EXERCISE DETAILS - Print all the records below exactly as they stand, but leave out the pictures.

AVAILABLE DATA -
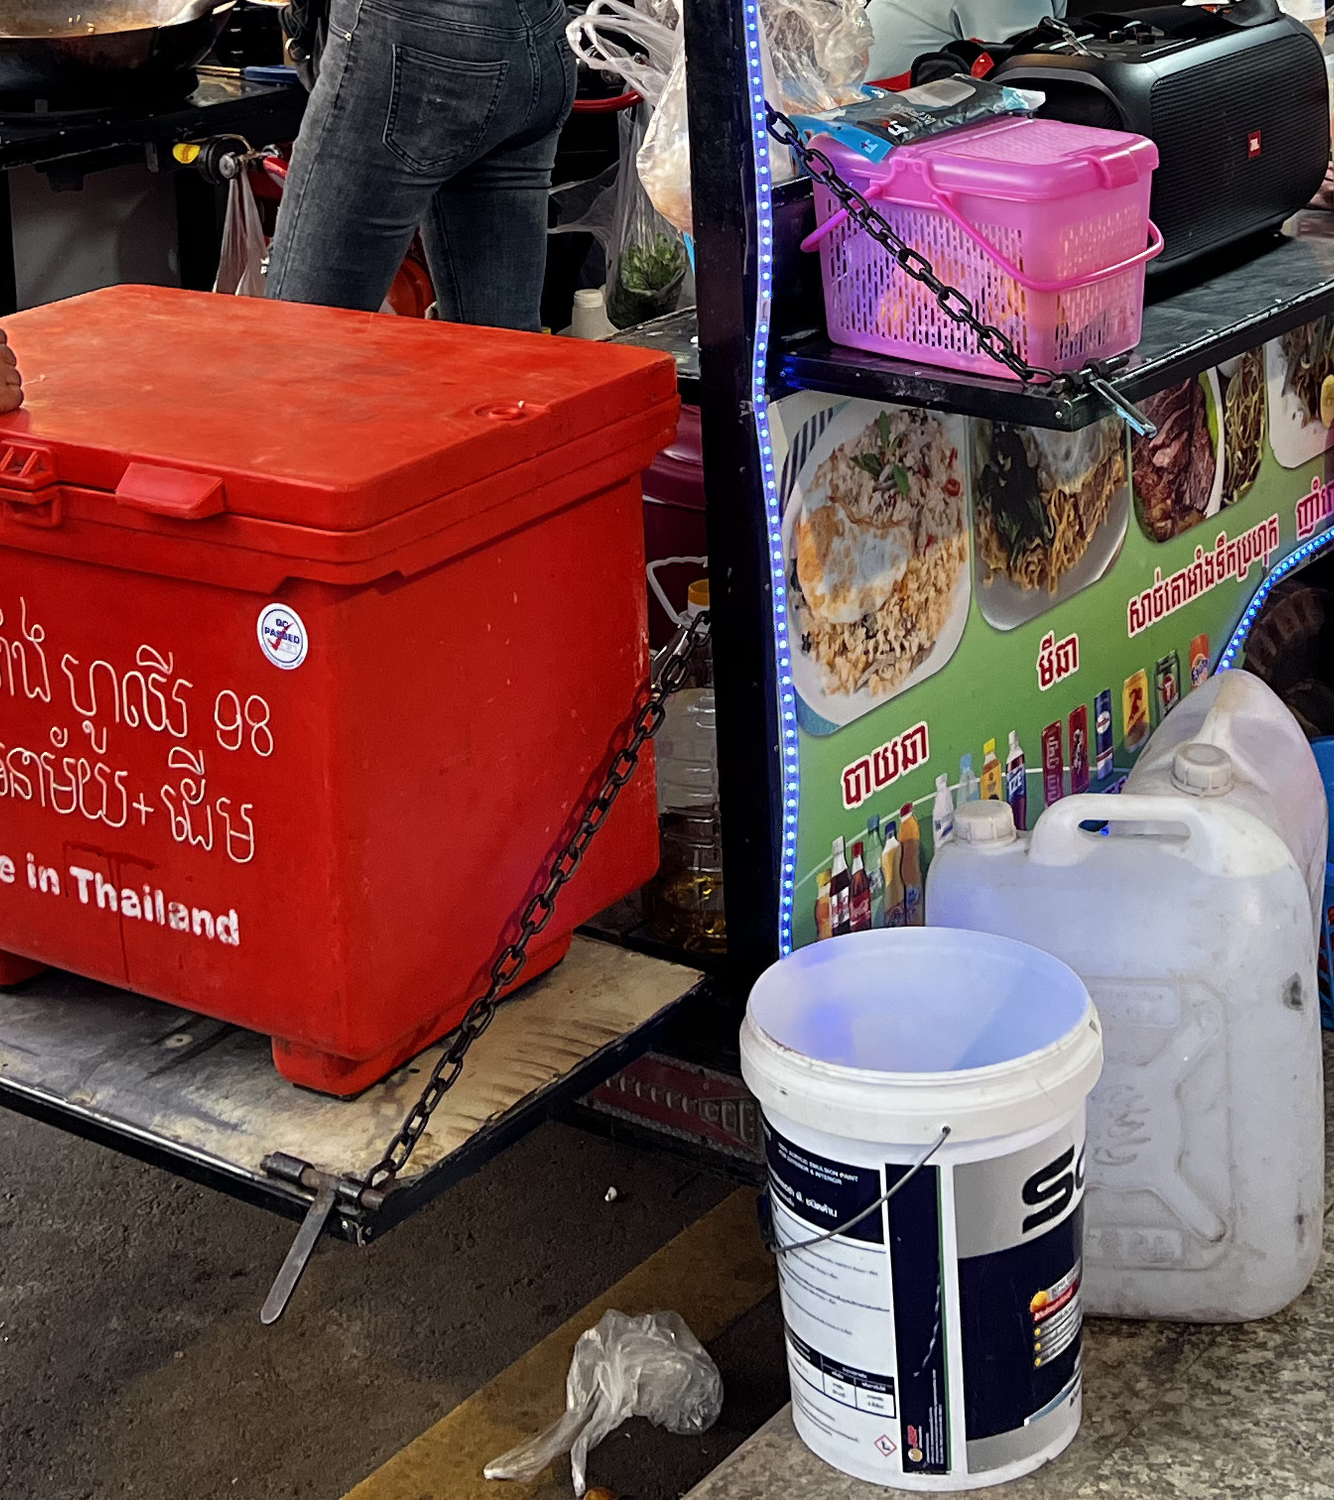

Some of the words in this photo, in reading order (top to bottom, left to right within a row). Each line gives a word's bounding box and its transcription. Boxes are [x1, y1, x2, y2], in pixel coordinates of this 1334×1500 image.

[1037, 631, 1079, 690] មីឆា
[214, 689, 274, 757] 98
[841, 722, 929, 808] បាយឆា
[26, 852, 61, 896] in
[69, 864, 241, 947] Thailand
[839, 1172, 859, 1183] PAINT

REPLY -
Some of the words in this photo, in reading order (top to bottom, left to right within a row). Each line gives a word's bounding box and its transcription. Boxes are [x1, y1, x2, y2], in pixel coordinates of this 1334×1500 image.

[1037, 631, 1079, 690] មីឆា
[214, 689, 274, 757] 98
[841, 722, 929, 808] បាយឆា
[26, 852, 61, 896] in
[69, 864, 241, 947] Thailand
[839, 1172, 859, 1183] PAINT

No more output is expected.